Boxes
- LaRaesha Kugel
- Apr 18
- 4 min read
My son has spent his entire life trying to fit into boxes that weren’t made for him. Learning, adapting, re-adapting, and then adapting again—just to exist in a world that wasn’t built to accept differences like his.
Then we learned he is autistic, and for the first time, he fit into something—not a box, but a spectrum. A spectrum that helped those who love him to better understand him. And as he grows, it even helps him better understand himself.
But now, there’s another box being forced upon him—and he doesn’t fit in this one either. Truthfully, 75% of autistic individuals don’t.
This week, RFK Jr. spoke about autism in a way that reaffirmed the very stigmas the autistic and autism-supporting communities have fought to dismantle for decades. He used hurtful language that devalued all autistic individuals, painting a narrow and damaging picture of what it means to be autistic.
When Mr. Kennedy said autistic children won’t contribute to society, he wasn’t just wrong—he was harmful. He reinforced outdated stereotypes that equate communication styles or developmental timelines with a person’s value. He reduced a beautiful, complex spectrum of humanity to a single, dismissive list.
But my son is allowed to be proud of who he is—without anyone questioning whether he was “ruined.”
Autism, for Dawson, means he absorbs the world at a level that 30 out of 31 people may never even fathom.
He absorbs everything he sees, recording specific details with each memory—what we were wearing, the time of day, what was said, and who was there. These are details my husband and I often forget with time, but for Dawson, they remain an essential part of how he experienced that moment.
He absorbs facts from books, shows, lessons, and conversations and connects them to how he understands the natural world. He can look at an animal and identify the traits that help it survive. He can recognize a dinosaur based on subtle characteristics and tell you what time period it lived in. He once volunteered on a school field trip and correctly answered every question about prehistoric life—his classmates watched in amazement.
He absorbs the rules and structures of challenging games and seeks them out as ways to bond and connect with others. He loves sitting around the table playing 5-point pitch with my husband and me, using complex problem-solving skills to try and beat us. He looks forward to moments spent playing challenging video games with my husband—not just as fun, but as a way to regulate and share time together. And lately, he’s fallen in love with golf—a game that excites him with its structure, its rhythm, and its ever-present challenge.
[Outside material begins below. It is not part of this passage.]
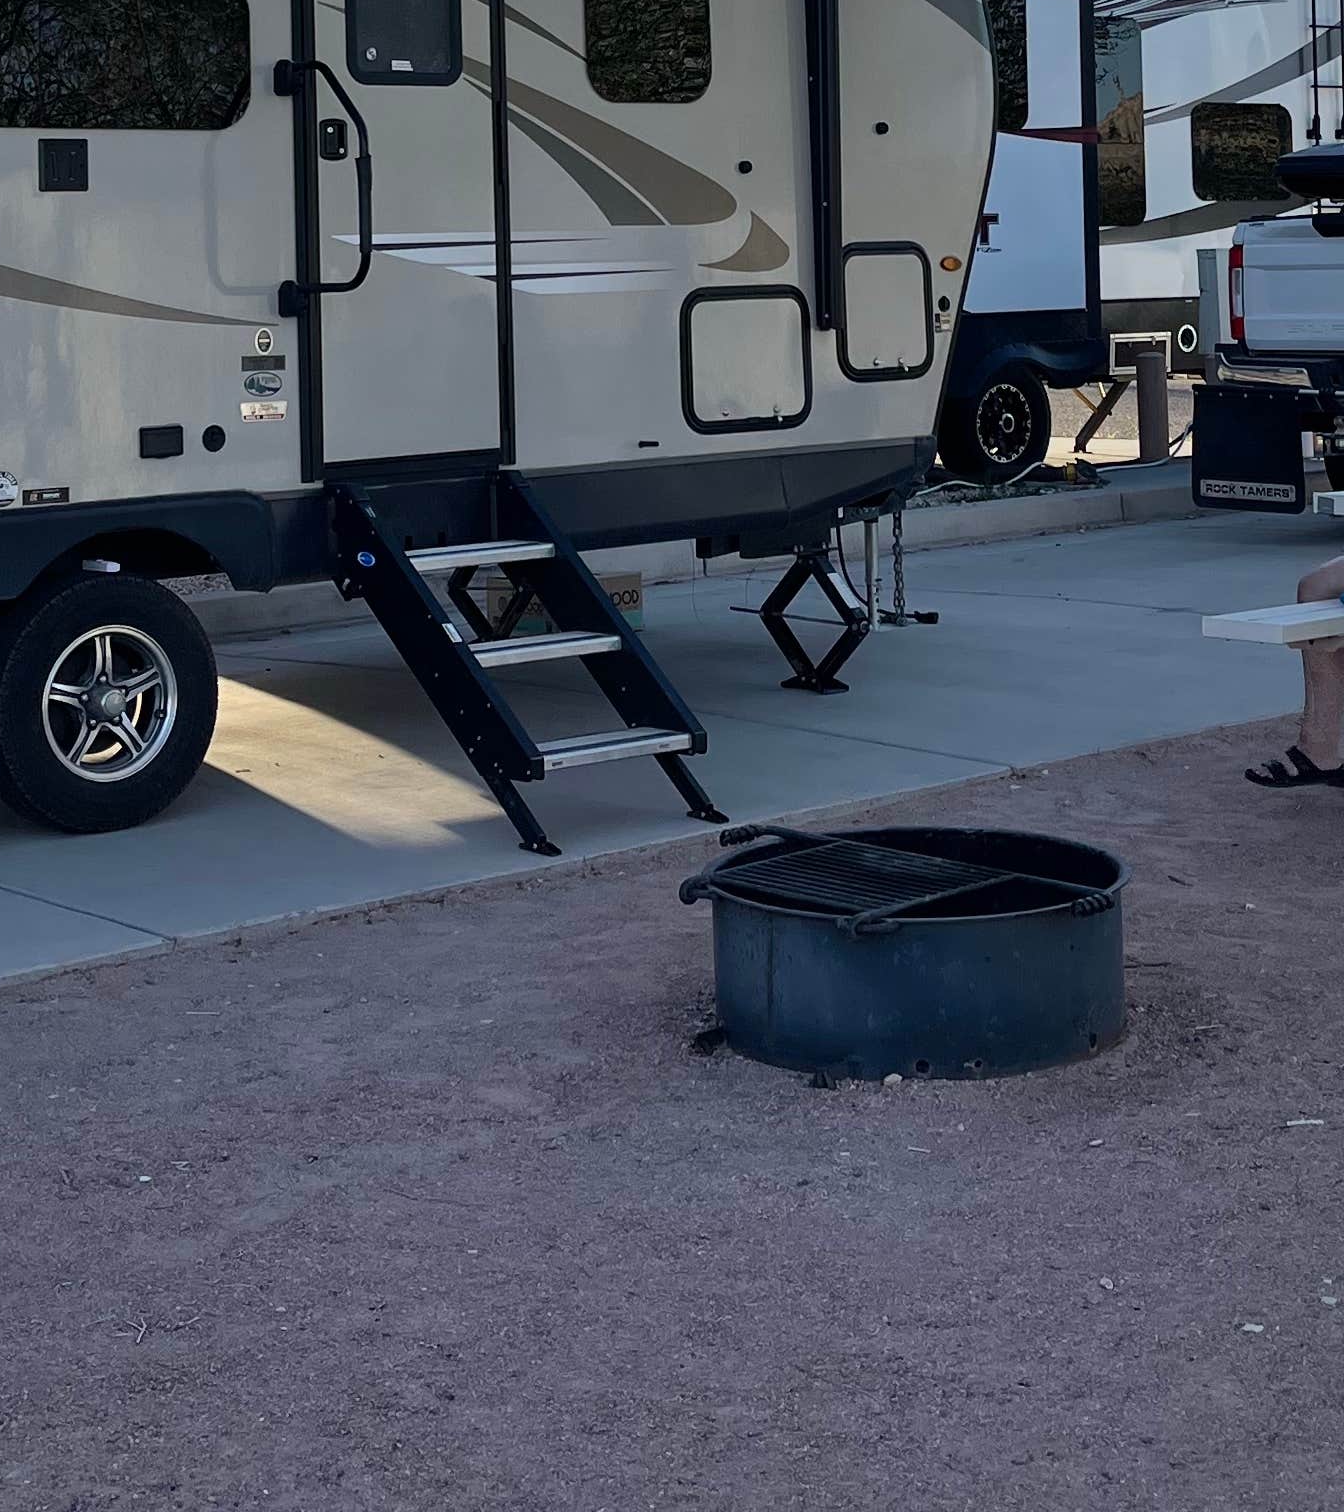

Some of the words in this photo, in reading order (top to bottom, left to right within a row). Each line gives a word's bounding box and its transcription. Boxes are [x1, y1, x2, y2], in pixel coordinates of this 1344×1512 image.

[1205, 483, 1236, 494] ROCK
[1239, 485, 1290, 498] TAMERS
[609, 589, 640, 607] OOD
He absorbs the world through his senses. This can be overwhelming, as the world we live in is incredibly overstimulating. He closes his eyes as he plays freely on his keyboard, explaining that he does this so he can see the rhythm in his mind as he hears it with his ears. He seeks firm back scratches to help his body relax. He absorbs noises that can distract or overwhelm him.
But he takes it all in—and then regulates himself so he can continue to function.
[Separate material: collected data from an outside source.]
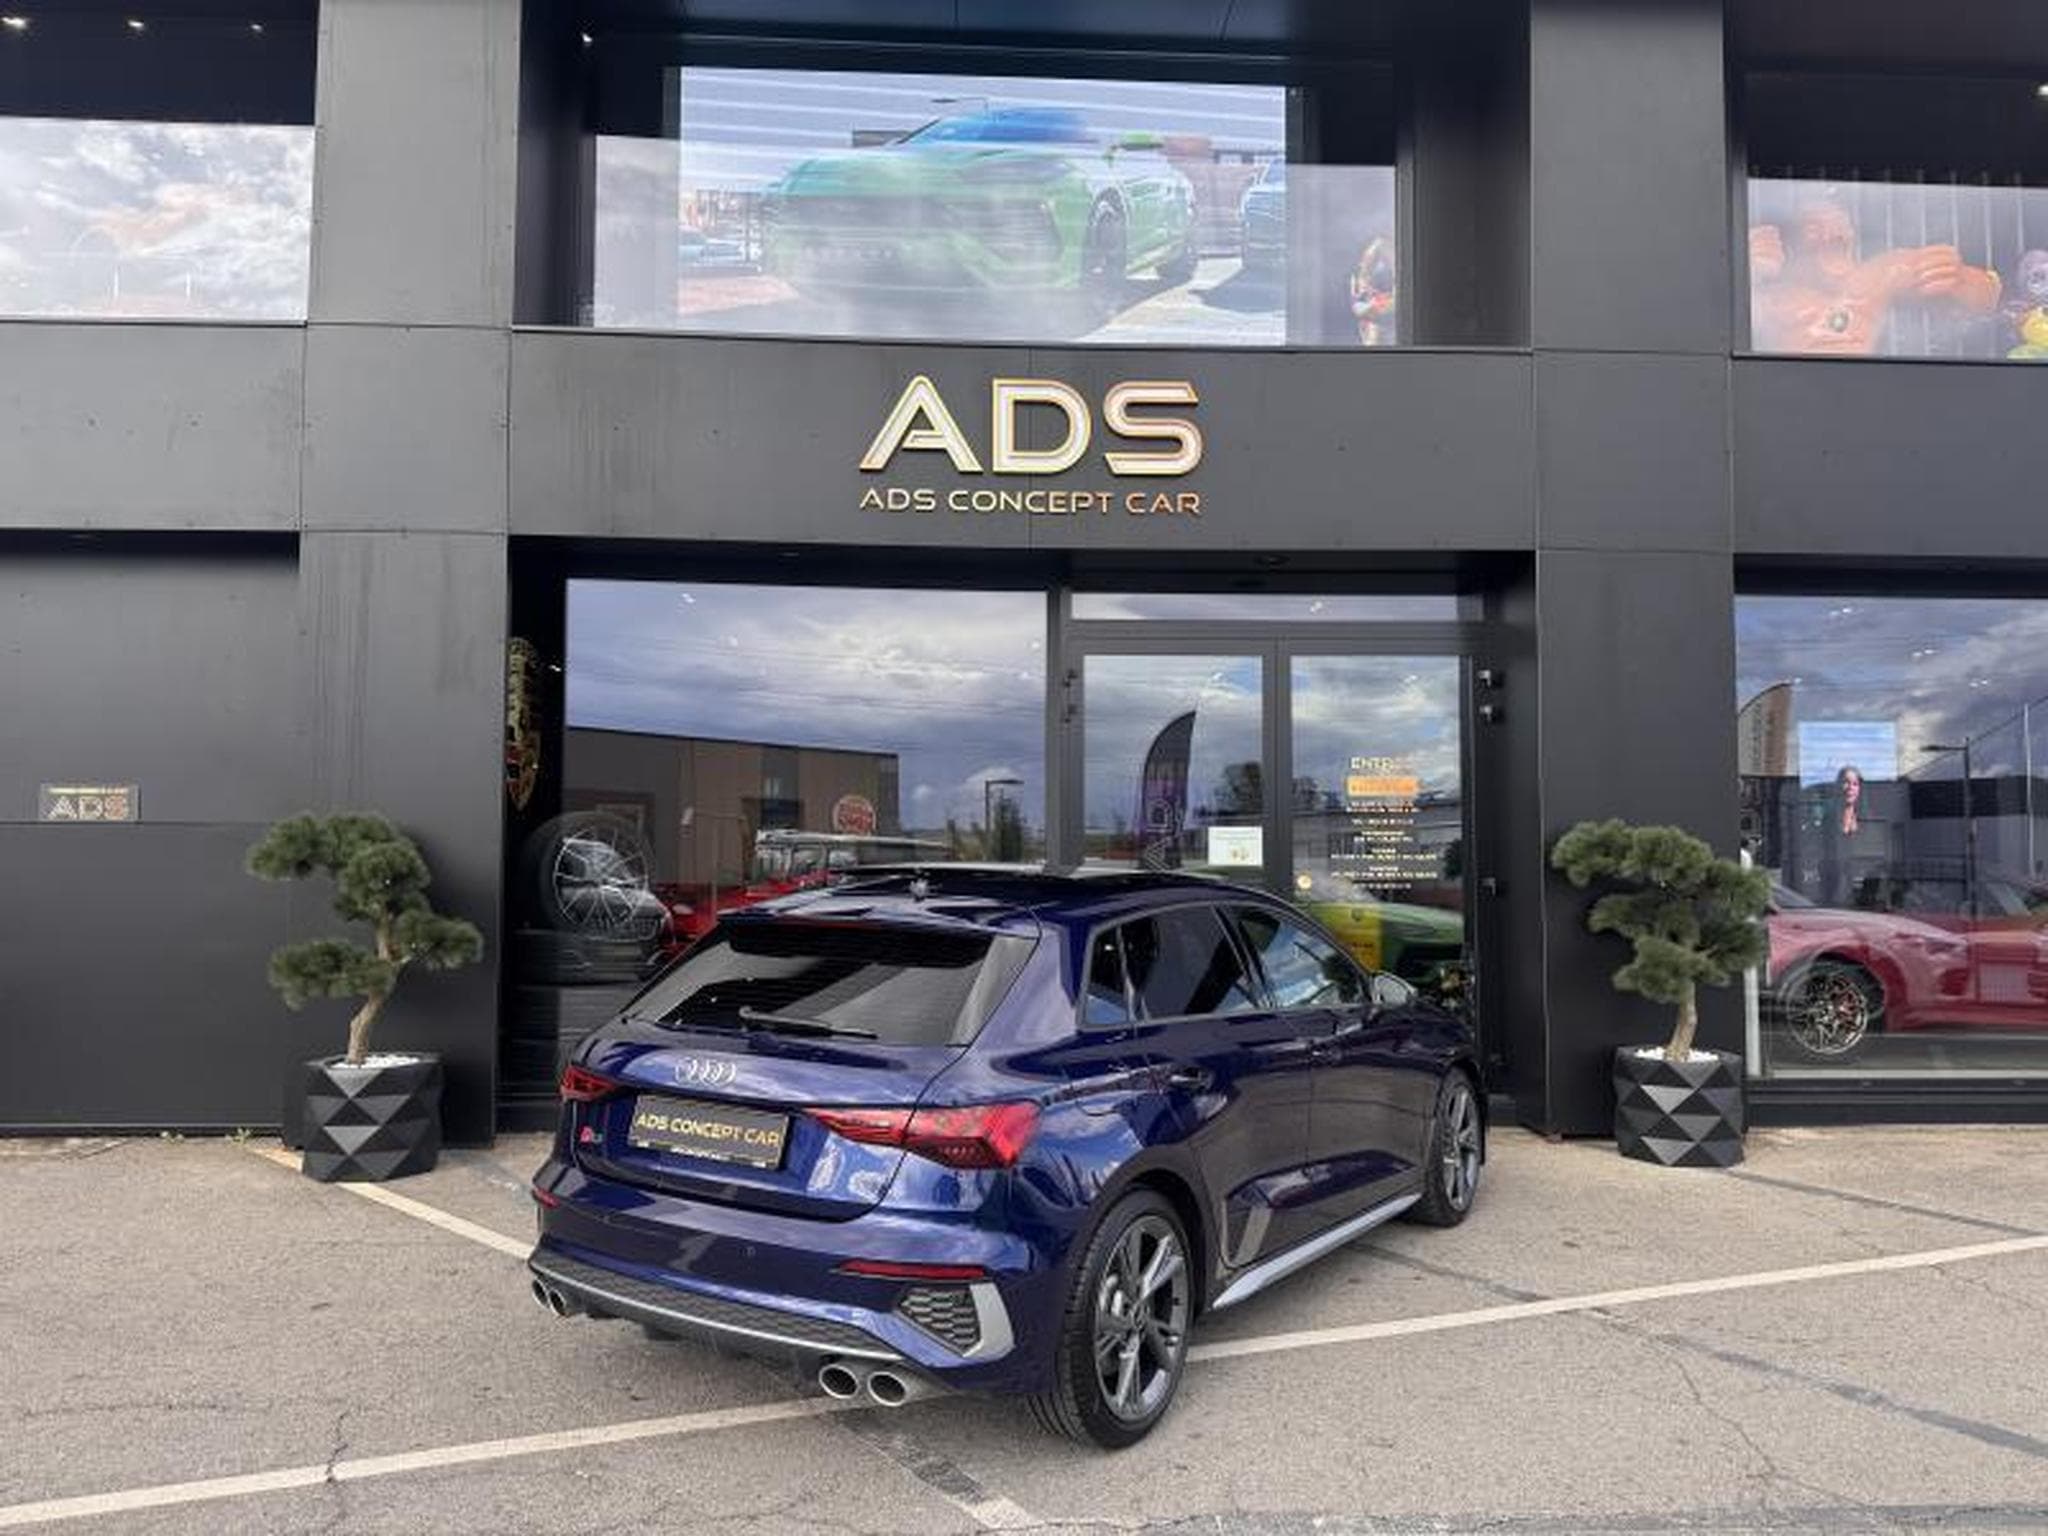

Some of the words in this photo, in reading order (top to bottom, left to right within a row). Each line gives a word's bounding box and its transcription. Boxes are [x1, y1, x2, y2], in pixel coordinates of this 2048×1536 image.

[859, 375, 1202, 475] ADS
[859, 488, 936, 511] ADS
[948, 490, 1114, 513] CONCEPT
[1125, 492, 1200, 514] CAR
[47, 795, 129, 821] ADS
[637, 1112, 668, 1130] ADS
[670, 1117, 742, 1141] CONCEPT
[744, 1128, 780, 1147] CAR
He absorbs the world through structures that make sense to him. So when our unpredictable world doesn’t align with those structures, it can be upsetting. But then—true to who he is—he learns about the change, adapts, and finds his way forward.
Autism, for Dawson, means he thinks about the world in a way that 30 out of 31 people cannot.
He thinks about how he can build the worlds he sees in his mind using toys, books, blankets, magnetic tiles, and baskets. He’s recreated Jurassic World in his bedroom. He’s built his own zoo out of stacked clear storage containers—each one mimicking an animal enclosure. He sees everyday objects as unique tools to bring his vision to life—and then makes it entirely his own.
He thinks about how to turn his favorite Pokémon cards into a game he can play with others. He invented “Pokémon Guess Who,” a hybrid of the classic game and his favorite cards, and he beams when people join in his world of play.
He thinks about how he thinks—as an autistic person. He once shared his own experience of autism with his fourth-grade class. I sat there fighting back tears as he shared how he described autism to a room full of peers and proudly owned how he functions.
Autism can be difficult for Dawson—but more often than not, it’s the world that makes it hard. It’s the barriers, the expectations, the systems not built with him in mind. The challenge isn’t his neurological difference—it’s the lack of understanding and support around it.
So no, Mr. Kennedy—my son is not broken.
He is not a drain on society. He is not incapable of contribution.
He is already contributing. Every single day.
Through his knowledge. Through his creativity. Through his wit. Through the way he sees the world so clearly—sometimes more clearly than the rest of us.
To suggest that autistic individuals have nothing to offer is not just factually wrong—it’s cruel. And it tells every autistic child, every autistic adult, and every parent and advocate of an autistic child that their lives are less valuable. I will not accept that.
My son may not fit into the traditional boxes society has created—but maybe that’s the point. The world needs his shape. His perspective. His voice.
We don’t need fewer autistic people in this world. We need a world that values every kind of mind. That not only seeks to understand, but also support. And I will never stop fighting to build that world—for Dawson, and for every other human who refuses to be boxed in.